- Opening Delimiter -

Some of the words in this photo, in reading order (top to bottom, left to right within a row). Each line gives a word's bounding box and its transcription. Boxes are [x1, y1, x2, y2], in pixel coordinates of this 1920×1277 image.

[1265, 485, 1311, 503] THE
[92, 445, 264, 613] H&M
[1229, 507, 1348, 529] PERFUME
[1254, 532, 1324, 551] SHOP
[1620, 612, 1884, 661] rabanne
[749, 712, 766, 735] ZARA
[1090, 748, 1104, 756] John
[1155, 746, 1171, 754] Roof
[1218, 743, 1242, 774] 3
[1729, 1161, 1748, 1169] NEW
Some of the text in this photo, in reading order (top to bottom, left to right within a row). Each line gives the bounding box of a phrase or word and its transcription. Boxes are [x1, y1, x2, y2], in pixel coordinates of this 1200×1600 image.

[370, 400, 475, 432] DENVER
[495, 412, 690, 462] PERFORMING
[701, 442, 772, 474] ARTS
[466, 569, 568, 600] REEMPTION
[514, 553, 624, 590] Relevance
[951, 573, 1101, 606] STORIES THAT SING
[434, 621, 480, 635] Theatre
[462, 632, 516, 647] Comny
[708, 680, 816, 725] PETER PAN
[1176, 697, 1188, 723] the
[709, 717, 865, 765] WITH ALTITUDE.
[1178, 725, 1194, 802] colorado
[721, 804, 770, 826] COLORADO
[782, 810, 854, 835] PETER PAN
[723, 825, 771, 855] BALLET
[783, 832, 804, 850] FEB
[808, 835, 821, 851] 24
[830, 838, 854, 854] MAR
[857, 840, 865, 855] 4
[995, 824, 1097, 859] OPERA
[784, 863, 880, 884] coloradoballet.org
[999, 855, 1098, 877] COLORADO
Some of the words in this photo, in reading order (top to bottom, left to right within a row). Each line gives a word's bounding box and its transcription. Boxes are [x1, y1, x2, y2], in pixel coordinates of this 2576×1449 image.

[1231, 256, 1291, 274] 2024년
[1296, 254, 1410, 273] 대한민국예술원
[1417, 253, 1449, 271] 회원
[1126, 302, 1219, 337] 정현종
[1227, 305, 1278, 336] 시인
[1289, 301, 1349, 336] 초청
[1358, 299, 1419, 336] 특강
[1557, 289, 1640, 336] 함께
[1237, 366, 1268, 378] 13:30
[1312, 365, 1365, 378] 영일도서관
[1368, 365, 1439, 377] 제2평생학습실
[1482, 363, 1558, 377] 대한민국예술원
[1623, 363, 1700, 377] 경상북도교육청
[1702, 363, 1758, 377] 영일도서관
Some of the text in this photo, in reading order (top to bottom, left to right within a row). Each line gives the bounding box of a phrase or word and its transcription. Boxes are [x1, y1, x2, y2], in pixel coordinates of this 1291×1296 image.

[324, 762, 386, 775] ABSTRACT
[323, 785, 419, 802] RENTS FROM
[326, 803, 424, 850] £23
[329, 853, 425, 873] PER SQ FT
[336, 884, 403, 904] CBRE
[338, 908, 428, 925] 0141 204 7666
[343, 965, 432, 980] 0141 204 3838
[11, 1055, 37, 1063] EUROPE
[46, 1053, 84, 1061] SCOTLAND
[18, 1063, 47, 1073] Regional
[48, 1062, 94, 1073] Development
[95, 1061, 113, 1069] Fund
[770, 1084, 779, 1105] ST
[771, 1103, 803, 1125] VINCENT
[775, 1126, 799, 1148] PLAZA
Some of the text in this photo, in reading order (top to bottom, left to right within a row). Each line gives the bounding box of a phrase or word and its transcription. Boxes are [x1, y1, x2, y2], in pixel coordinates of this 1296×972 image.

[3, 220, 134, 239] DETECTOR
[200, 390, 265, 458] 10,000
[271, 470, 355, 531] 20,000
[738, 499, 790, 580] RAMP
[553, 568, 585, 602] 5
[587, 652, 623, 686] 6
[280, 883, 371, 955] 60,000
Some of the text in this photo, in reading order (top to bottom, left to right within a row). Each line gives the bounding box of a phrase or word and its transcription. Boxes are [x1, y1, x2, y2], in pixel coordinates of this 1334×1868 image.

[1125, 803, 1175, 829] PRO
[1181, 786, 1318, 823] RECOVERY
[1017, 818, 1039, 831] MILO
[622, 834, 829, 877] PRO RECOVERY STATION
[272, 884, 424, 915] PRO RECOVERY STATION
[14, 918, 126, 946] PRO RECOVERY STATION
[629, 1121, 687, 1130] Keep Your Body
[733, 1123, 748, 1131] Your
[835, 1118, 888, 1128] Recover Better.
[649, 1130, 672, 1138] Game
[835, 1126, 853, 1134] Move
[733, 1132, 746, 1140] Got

- Closing Delimiter -

▸ Prompt
Line by line, transcribe the material exactly.

▸ Answer area
Some of the words in this photo, in reading order (top to bottom, left to right within a row). Each line gives a word's bounding box and its transcription. Boxes are [x1, y1, x2, y2], in pixel coordinates of this 1920×1277 image.

[1265, 485, 1311, 503] THE
[92, 445, 264, 613] H&M
[1229, 507, 1348, 529] PERFUME
[1254, 532, 1324, 551] SHOP
[1620, 612, 1884, 661] rabanne
[749, 712, 766, 735] ZARA
[1090, 748, 1104, 756] John
[1155, 746, 1171, 754] Roof
[1218, 743, 1242, 774] 3
[1729, 1161, 1748, 1169] NEW
Some of the text in this photo, in reading order (top to bottom, left to right within a row). Each line gives the bounding box of a phrase or word and its transcription. Boxes are [x1, y1, x2, y2], in pixel coordinates of this 1200×1600 image.

[370, 400, 475, 432] DENVER
[495, 412, 690, 462] PERFORMING
[701, 442, 772, 474] ARTS
[466, 569, 568, 600] REEMPTION
[514, 553, 624, 590] Relevance
[951, 573, 1101, 606] STORIES THAT SING
[434, 621, 480, 635] Theatre
[462, 632, 516, 647] Comny
[708, 680, 816, 725] PETER PAN
[1176, 697, 1188, 723] the
[709, 717, 865, 765] WITH ALTITUDE.
[1178, 725, 1194, 802] colorado
[721, 804, 770, 826] COLORADO
[782, 810, 854, 835] PETER PAN
[723, 825, 771, 855] BALLET
[783, 832, 804, 850] FEB
[808, 835, 821, 851] 24
[830, 838, 854, 854] MAR
[857, 840, 865, 855] 4
[995, 824, 1097, 859] OPERA
[784, 863, 880, 884] coloradoballet.org
[999, 855, 1098, 877] COLORADO
Some of the words in this photo, in reading order (top to bottom, left to right within a row). Each line gives a word's bounding box and its transcription. Boxes are [x1, y1, x2, y2], in pixel coordinates of this 2576×1449 image.

[1231, 256, 1291, 274] 2024년
[1296, 254, 1410, 273] 대한민국예술원
[1417, 253, 1449, 271] 회원
[1126, 302, 1219, 337] 정현종
[1227, 305, 1278, 336] 시인
[1289, 301, 1349, 336] 초청
[1358, 299, 1419, 336] 특강
[1557, 289, 1640, 336] 함께
[1237, 366, 1268, 378] 13:30
[1312, 365, 1365, 378] 영일도서관
[1368, 365, 1439, 377] 제2평생학습실
[1482, 363, 1558, 377] 대한민국예술원
[1623, 363, 1700, 377] 경상북도교육청
[1702, 363, 1758, 377] 영일도서관
Some of the text in this photo, in reading order (top to bottom, left to right within a row). Each line gives the bounding box of a phrase or word and its transcription. Boxes are [x1, y1, x2, y2], in pixel coordinates of this 1291×1296 image.

[324, 762, 386, 775] ABSTRACT
[323, 785, 419, 802] RENTS FROM
[326, 803, 424, 850] £23
[329, 853, 425, 873] PER SQ FT
[336, 884, 403, 904] CBRE
[338, 908, 428, 925] 0141 204 7666
[343, 965, 432, 980] 0141 204 3838
[11, 1055, 37, 1063] EUROPE
[46, 1053, 84, 1061] SCOTLAND
[18, 1063, 47, 1073] Regional
[48, 1062, 94, 1073] Development
[95, 1061, 113, 1069] Fund
[770, 1084, 779, 1105] ST
[771, 1103, 803, 1125] VINCENT
[775, 1126, 799, 1148] PLAZA
Some of the text in this photo, in reading order (top to bottom, left to right within a row). Each line gives the bounding box of a phrase or word and its transcription. Boxes are [x1, y1, x2, y2], in pixel coordinates of this 1296×972 image.

[3, 220, 134, 239] DETECTOR
[200, 390, 265, 458] 10,000
[271, 470, 355, 531] 20,000
[738, 499, 790, 580] RAMP
[553, 568, 585, 602] 5
[587, 652, 623, 686] 6
[280, 883, 371, 955] 60,000
Some of the text in this photo, in reading order (top to bottom, left to right within a row). Each line gives the bounding box of a phrase or word and its transcription. Boxes are [x1, y1, x2, y2], in pixel coordinates of this 1334×1868 image.

[1125, 803, 1175, 829] PRO
[1181, 786, 1318, 823] RECOVERY
[1017, 818, 1039, 831] MILO
[622, 834, 829, 877] PRO RECOVERY STATION
[272, 884, 424, 915] PRO RECOVERY STATION
[14, 918, 126, 946] PRO RECOVERY STATION
[629, 1121, 687, 1130] Keep Your Body
[733, 1123, 748, 1131] Your
[835, 1118, 888, 1128] Recover Better.
[649, 1130, 672, 1138] Game
[835, 1126, 853, 1134] Move
[733, 1132, 746, 1140] Got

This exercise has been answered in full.